Sara J. Myers is a Professor Emerita at Columbia Theological Seminary and former president of the American Theological Library Association. She has been the Director of numerous libraries, as well as taught at a number of universities across the country.

Education 
Sara Myers first received her Bachelor of Arts from Florida University in 1970. She then  earned her Masters in Library Sciences in 1972 at the University of North Carolina at Chapel Hill, followed by  a Doctor of Philosophy in 1990 from Emory University.

Career 
In 1972 she began her work at Duke University as a Cataloger. She briefly held this same position at Pitts Library at Emory University, where she held various positions.
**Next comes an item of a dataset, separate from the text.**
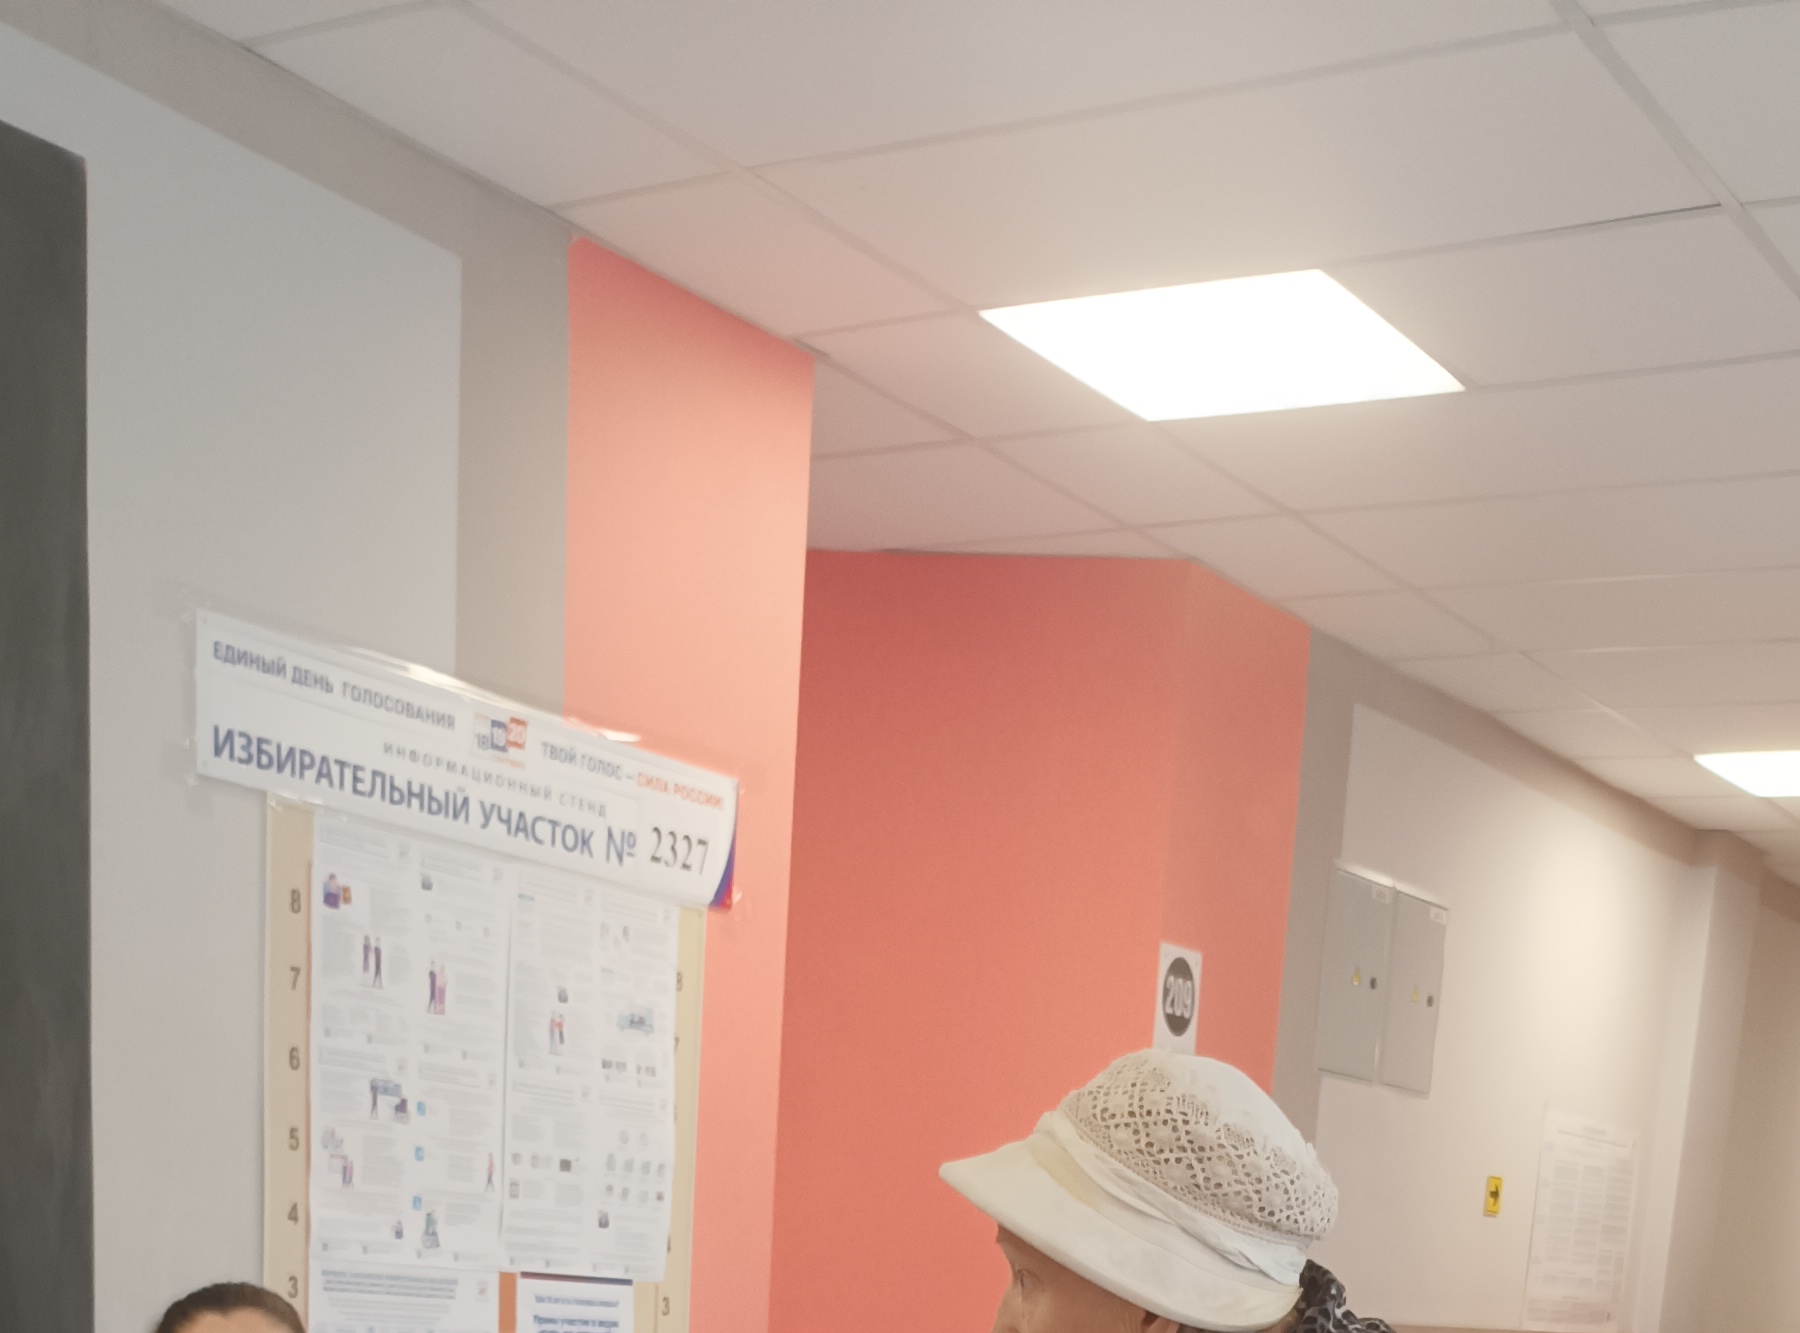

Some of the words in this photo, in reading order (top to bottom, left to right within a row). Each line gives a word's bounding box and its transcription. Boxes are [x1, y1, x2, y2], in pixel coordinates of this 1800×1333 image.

These positions included Reference Librarian, Assistant Librarian for Public Services, and Acting Librarian. At the Iliff School of Theology and Union 
Theological Seminary she served as both the Director and a Professor of Theological Bibliography. After her service at both of these schools she moved and became the Director and Professor of Theological Bibliography of the John Bulow Campbell Library at Columbia Theological Seminary. Here she retired and earned the title of Professor Emerita.

She has   published a number of articles and presentations. She was a frequent contributor to The ALA Yearbook of Library and Information Services: A Review of Library Events. Her research includes women in American society, religious biography and autobiography. As a result, she also served as an editor and writer in Encyclopedia of Women and Religion in North America, volume 1.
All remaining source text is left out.